Il vescovo ha ricordato anche le parole che Papa Francesco ha rivolto lo scorso 15 novembre all’Associazione internazionale di diritto penale. In quell’occasione il Papa si era soffermato a riflettere sull’idea di “giustizia restaurativa” o “ripartiva”, che va oltre un atteggiamento puramente punitivo o vendicativo e apre alla riconciliazione, in un’ottica di assunzione di responsabilità. Se da un lato è necessario rispettare la legge, “con un’attenzione e un dovere di coscienza adeguati alla gravità delle conseguenze”, dall’altro “occorre ricordare che la legge da sola non può mai realizzare gli scopi della funzione penale; occorre anche che la sua applicazione avvenga in vista del bene effettivo delle persone interessate”. Riprendendo il pensiero di Francesco, mons. Muser ha auspicato che “ogni legge, non solo quella penale, non sia fine a se stessa, ma al servizio delle persone coinvolte, siano essi i responsabili dei reati o coloro che sono stati offesi”.
“Una cosa è ciò che meritiamo per il male compiuto – ha detto mons. Muser – altra cosa, invece, è il respiro della speranza, che non può esser soffocato da niente e da nessuno. La speranza non può essere tolta a nessuno, perché è la forza per andare avanti, è la tensione verso il futuro per trasformare la vita, è una spinta verso il domani”.
“Anche nei momenti di grande dolore riempiamo i nostri polmoni con il respiro della speranza”
Il vescovo ha invitato i carcerati a non lasciar spazio né allo sconforto, né alla disperazione. “Ve lo dico con il cuore: non lasciamo prevalere la voglia di farla finita – ha aggiunto –. Anche nel buio più profondo, nei momenti in cui il dolore è più grande e la nostalgia più pungente, riempiamo i nostri polmoni con il respiro della speranza. Lasciamo che sia la speranza a respirare in noi”.
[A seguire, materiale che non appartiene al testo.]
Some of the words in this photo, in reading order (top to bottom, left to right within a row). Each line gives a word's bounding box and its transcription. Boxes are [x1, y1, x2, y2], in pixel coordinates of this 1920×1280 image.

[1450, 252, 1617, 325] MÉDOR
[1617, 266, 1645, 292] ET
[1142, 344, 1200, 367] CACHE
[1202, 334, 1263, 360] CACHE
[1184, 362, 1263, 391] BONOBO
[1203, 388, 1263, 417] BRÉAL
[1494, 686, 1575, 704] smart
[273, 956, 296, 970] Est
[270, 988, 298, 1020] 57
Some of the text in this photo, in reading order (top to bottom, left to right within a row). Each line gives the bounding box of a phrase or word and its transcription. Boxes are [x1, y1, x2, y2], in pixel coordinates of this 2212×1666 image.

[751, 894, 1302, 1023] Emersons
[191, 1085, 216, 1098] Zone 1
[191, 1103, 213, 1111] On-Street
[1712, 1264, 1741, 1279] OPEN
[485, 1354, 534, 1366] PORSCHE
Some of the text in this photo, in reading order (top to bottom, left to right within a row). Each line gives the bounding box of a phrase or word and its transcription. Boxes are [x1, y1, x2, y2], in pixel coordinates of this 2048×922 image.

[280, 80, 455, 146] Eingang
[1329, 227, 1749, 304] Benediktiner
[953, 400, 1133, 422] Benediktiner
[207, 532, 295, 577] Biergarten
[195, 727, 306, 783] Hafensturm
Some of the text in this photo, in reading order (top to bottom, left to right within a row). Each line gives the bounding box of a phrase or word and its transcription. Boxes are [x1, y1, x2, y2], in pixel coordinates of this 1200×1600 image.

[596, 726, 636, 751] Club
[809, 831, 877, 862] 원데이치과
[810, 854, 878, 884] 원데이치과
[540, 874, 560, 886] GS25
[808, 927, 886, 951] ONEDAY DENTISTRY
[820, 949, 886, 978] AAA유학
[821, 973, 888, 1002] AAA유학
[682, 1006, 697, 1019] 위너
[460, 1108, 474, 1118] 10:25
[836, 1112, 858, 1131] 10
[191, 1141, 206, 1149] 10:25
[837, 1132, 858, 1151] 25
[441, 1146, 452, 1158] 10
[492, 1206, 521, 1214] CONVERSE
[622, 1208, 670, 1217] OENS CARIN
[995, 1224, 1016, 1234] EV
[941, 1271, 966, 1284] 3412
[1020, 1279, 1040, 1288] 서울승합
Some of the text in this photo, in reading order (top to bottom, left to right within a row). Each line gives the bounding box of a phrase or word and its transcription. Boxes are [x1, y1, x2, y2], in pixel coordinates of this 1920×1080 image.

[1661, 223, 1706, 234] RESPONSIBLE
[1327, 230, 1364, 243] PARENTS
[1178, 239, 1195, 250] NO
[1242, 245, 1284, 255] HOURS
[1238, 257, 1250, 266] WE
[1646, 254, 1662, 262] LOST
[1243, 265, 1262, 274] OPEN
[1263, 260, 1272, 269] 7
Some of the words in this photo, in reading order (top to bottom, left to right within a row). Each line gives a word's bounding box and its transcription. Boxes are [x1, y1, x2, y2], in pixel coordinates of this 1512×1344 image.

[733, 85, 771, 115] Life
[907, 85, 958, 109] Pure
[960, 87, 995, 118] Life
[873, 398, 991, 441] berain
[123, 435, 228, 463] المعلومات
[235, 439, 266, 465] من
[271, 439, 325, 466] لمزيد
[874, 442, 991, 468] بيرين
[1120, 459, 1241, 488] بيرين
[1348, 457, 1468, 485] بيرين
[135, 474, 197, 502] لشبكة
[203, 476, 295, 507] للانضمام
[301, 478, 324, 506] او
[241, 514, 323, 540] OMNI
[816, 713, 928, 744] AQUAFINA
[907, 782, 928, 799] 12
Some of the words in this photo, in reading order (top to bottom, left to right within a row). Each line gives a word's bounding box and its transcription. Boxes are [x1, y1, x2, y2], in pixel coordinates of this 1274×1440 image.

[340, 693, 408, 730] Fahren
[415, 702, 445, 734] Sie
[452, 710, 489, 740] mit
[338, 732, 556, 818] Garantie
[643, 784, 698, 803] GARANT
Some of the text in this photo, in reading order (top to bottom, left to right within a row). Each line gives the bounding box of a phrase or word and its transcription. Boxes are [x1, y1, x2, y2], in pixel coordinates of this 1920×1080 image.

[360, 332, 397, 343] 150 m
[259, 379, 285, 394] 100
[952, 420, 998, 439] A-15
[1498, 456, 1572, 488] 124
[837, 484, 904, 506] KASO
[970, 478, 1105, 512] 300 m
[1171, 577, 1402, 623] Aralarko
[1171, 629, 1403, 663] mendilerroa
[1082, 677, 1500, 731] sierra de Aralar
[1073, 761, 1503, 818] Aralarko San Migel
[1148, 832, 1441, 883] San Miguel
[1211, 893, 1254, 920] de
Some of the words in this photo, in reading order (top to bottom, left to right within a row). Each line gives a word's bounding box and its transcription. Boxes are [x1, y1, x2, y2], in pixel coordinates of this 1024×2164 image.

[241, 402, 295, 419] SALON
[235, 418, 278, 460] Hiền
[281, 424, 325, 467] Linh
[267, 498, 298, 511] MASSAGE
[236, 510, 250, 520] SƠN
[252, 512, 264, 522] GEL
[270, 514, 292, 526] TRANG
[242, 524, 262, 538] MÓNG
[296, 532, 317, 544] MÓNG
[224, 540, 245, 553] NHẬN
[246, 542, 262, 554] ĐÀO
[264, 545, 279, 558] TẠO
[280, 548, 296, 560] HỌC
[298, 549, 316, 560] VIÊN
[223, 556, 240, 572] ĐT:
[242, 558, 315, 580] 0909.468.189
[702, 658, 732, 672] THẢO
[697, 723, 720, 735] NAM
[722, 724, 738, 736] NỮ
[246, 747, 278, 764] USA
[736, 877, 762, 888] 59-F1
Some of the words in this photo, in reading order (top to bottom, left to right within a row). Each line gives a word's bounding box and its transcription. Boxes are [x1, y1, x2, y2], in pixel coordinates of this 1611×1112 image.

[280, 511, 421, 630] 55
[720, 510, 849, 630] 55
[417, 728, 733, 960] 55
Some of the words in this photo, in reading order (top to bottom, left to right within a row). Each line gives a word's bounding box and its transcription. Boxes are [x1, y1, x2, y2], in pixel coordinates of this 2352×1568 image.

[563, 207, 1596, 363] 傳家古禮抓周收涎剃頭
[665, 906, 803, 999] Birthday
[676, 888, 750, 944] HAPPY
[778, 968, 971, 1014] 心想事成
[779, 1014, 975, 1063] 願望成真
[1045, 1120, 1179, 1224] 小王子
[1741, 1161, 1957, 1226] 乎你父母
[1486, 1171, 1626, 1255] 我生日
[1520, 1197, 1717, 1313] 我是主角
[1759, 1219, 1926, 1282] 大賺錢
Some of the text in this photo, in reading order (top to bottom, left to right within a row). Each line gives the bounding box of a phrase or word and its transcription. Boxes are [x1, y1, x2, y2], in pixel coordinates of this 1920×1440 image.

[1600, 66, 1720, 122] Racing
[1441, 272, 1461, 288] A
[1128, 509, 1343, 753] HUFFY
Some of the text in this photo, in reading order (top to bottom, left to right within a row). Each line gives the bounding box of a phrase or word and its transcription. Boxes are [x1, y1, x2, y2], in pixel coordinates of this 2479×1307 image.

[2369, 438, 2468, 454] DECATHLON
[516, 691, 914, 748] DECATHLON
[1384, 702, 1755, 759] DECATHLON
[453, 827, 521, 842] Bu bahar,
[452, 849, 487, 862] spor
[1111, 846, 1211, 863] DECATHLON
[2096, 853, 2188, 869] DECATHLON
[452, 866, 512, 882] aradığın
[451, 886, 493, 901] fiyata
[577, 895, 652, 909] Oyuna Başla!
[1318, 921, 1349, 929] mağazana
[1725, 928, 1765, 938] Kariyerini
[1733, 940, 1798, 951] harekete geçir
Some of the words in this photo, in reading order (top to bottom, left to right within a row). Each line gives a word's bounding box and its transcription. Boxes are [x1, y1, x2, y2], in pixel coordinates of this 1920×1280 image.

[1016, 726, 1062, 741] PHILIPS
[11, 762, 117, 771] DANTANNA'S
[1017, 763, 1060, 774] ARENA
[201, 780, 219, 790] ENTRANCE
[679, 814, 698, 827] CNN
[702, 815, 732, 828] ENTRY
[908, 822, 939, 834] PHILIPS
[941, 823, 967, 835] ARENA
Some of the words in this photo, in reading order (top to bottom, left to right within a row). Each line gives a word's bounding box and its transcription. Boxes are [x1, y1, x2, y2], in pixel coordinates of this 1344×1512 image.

“Gesù – ha sottolineato mons. Muser – nasce per noi e viene ad abitare nelle grotte, spesso fredde e desolate, della nostra esistenza, per far risplendere una luce nuova, per riempire il nostro cuore di speranza. E lo fa perché vuole scrivere con noi un nuovo capitolo della nostra vita”.
Nel ringraziare quanti operano e lavorano nella casa circondariale di via Dante il vescovo Muser ha chiesto loro di “essere sempre, anche nei momenti più complicati e tesi, testimoni di umanità, di vicinanza e di compassione”. Un ringraziamento particolare è andato a Bruno Bertoldi, che da 50 anni, con la San Vincenzo e l’Associazione volontari carcere, segue e assiste i detenuti nel carcere di Bolzano.
Il presepe costruito dai detenuti
Lo scorso 1. dicembre, 1.a domenica d’Avvento, Papa Francesco si è recato a Greccio dove ha firmato la lettera “Admirabile signum”, un “regalo” a tutto il popolo di Dio, per ribadire il senso e il valore del presepe. Questa mattina i detenuti della casa circondariale di via Dante hanno costruito ai piedi dell’altare il presepe, sistemando ad una ad una le varie statuine, accompagnati da pensieri tratti dalla lettera del Papa e dal canto del coro Laurino, che ha animato l’intera celebrazione. “Il presepe è un fatto religioso – ha ricordato don Giorgio Gallina, assistente spirituale – che ci unisce tutti”.
Al termine della liturgia, il vescovo ha impartito la benedizione tenendo in mano una candela. “Che questa piccola luce possa ricordarci la luce di Gesù, che nascendo è venuto ad illuminare le vite di ciascuno di noi”.